Tsume gets to her slower than she’d like, trying not to piss off the dam who seems to think Hana is one of her puppies, but when she hugs her this time Hana clings back. “It was never your job to raise him in the first place.”
“I was happy to do it,” she sniffles, holding a little tighter. “I’d be happy to do it again.”
“But you can’t, you’ve got things you need to do?”
“Mhm.”
“Are these things I can help with?”
“Sometimes.”
“Are you going to let me help?”
“Kiba comes first.”
“I have two kids. You’re both my number one priority.”
“We always were,” Hana whispers, “I know that. I just, I’m remembering every close call we ever had while home mostly alone and wondering if someone will die without me there. I’m the eldest, I’m the responsible one, I’m the mednin. What if something happens?”
“I can’t promise it won’t”
“I know. I know that. I just…all the variables are sort of a lot to process with the emotions of a seven-year-old.” and yeah, Tsume can imagine it is. She’s glad she didn’t get Inoichi involved in this, he would have had a field day with Hana’s mental state.
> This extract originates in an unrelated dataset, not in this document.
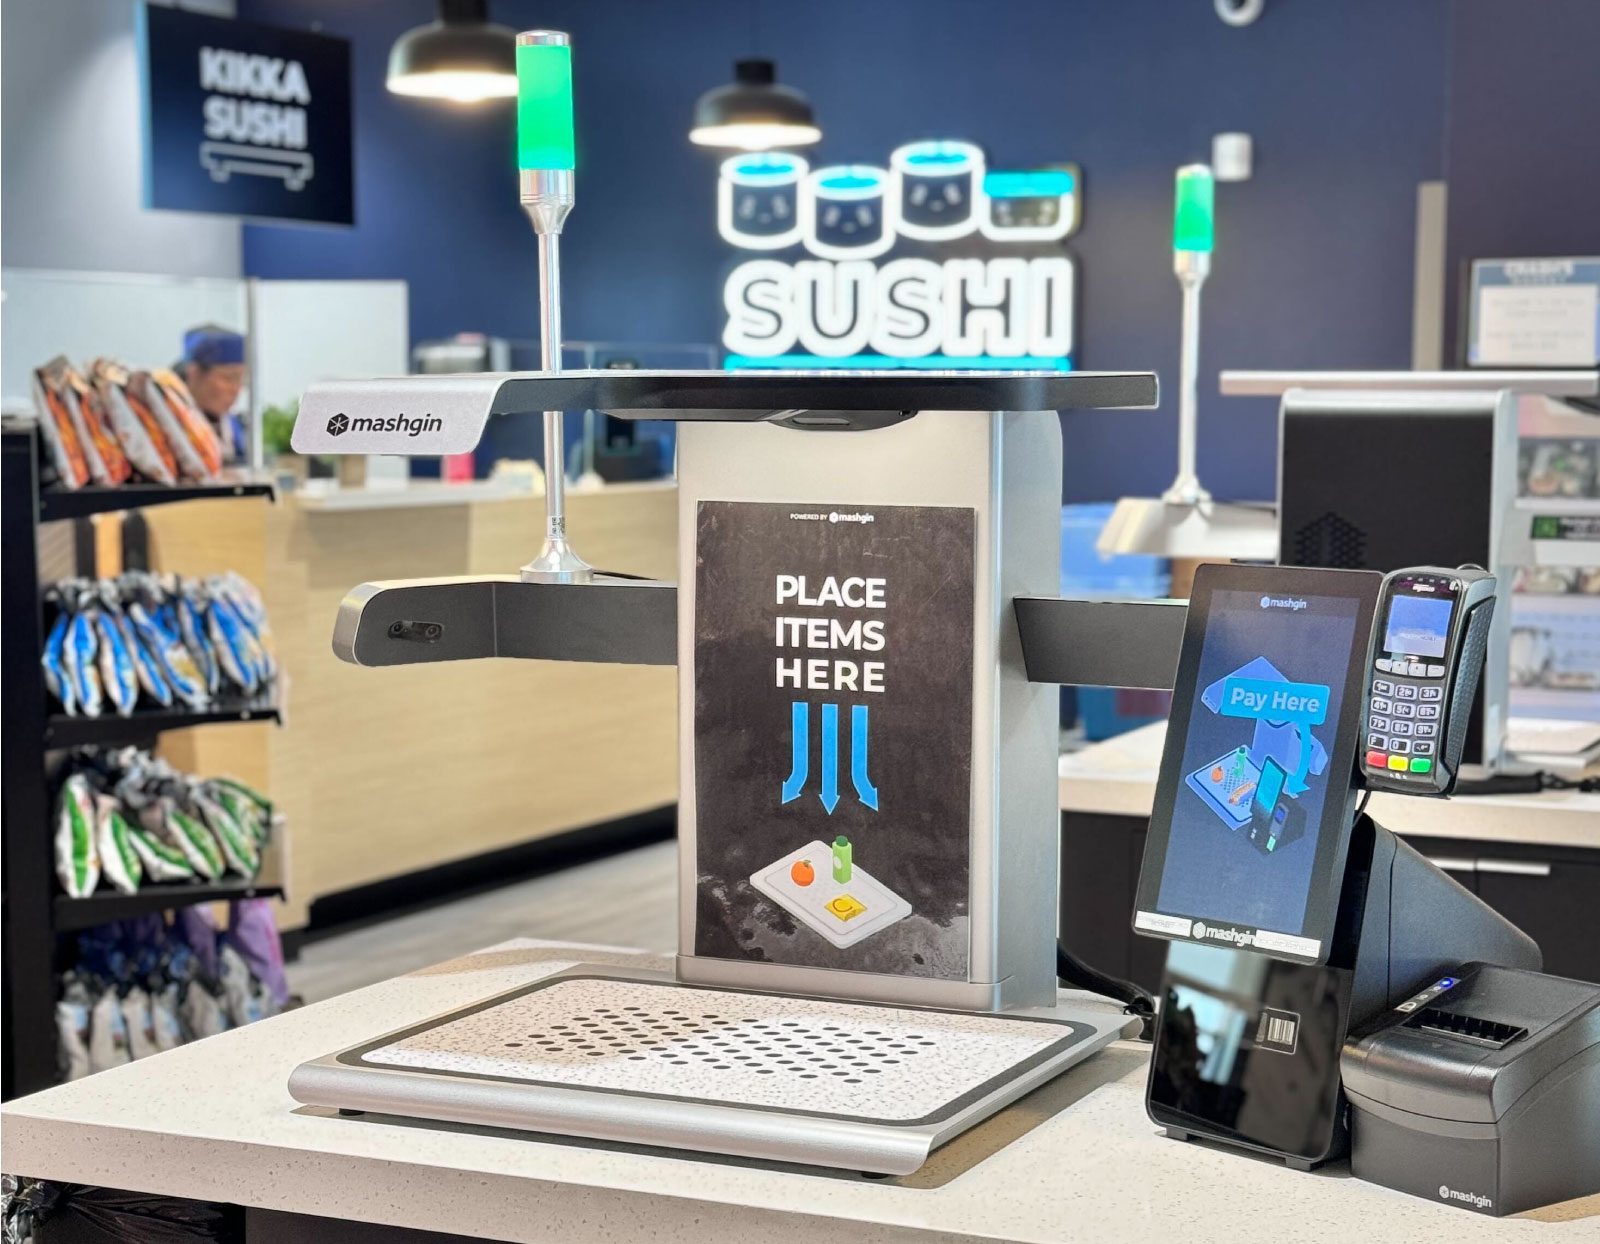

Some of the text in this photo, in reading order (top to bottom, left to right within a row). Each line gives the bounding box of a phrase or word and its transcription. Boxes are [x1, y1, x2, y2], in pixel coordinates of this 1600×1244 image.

“Let’s just go one step at a time, okay? You and I are both going to be home as much as we can, right? We’re both going to do everything we can to keep this clan safe.” Tsume’s going to do more, so much more than whatever she did last time. So much better than four kids left to grow up on their own by a tiny, overworked clan. She will beg, borrow, and steal, and call in every favour she has if that’s what it takes. “You’ve got your book, I’m assuming there’s a plan in there? You’ve always been a better paper ninja than I am.”
“Not a high bar,” the tiny time traveller murmurs into her soaked shirt.
“No, I guess it’s not.”
“Kiba still couldn’t pass it.” this startles a laugh out of Tsume and if Hana’s laugh is a little watery when she joins in, there’s nobody to hear but the dogs.
“What’s first on the list, Pup?”
“I need to graduate early.” Tsume hates this already.
“All right. Not a fan of that, but I trust you.”
“Thank you.”
“Not until the boys are old enough to join you in the field.”
“Course not.”
“Why, exactly, do you need to graduate early? Am I allowed to know?” Hana waves her book.
“Someone needs to keep an eye on Itachi Uchiha.”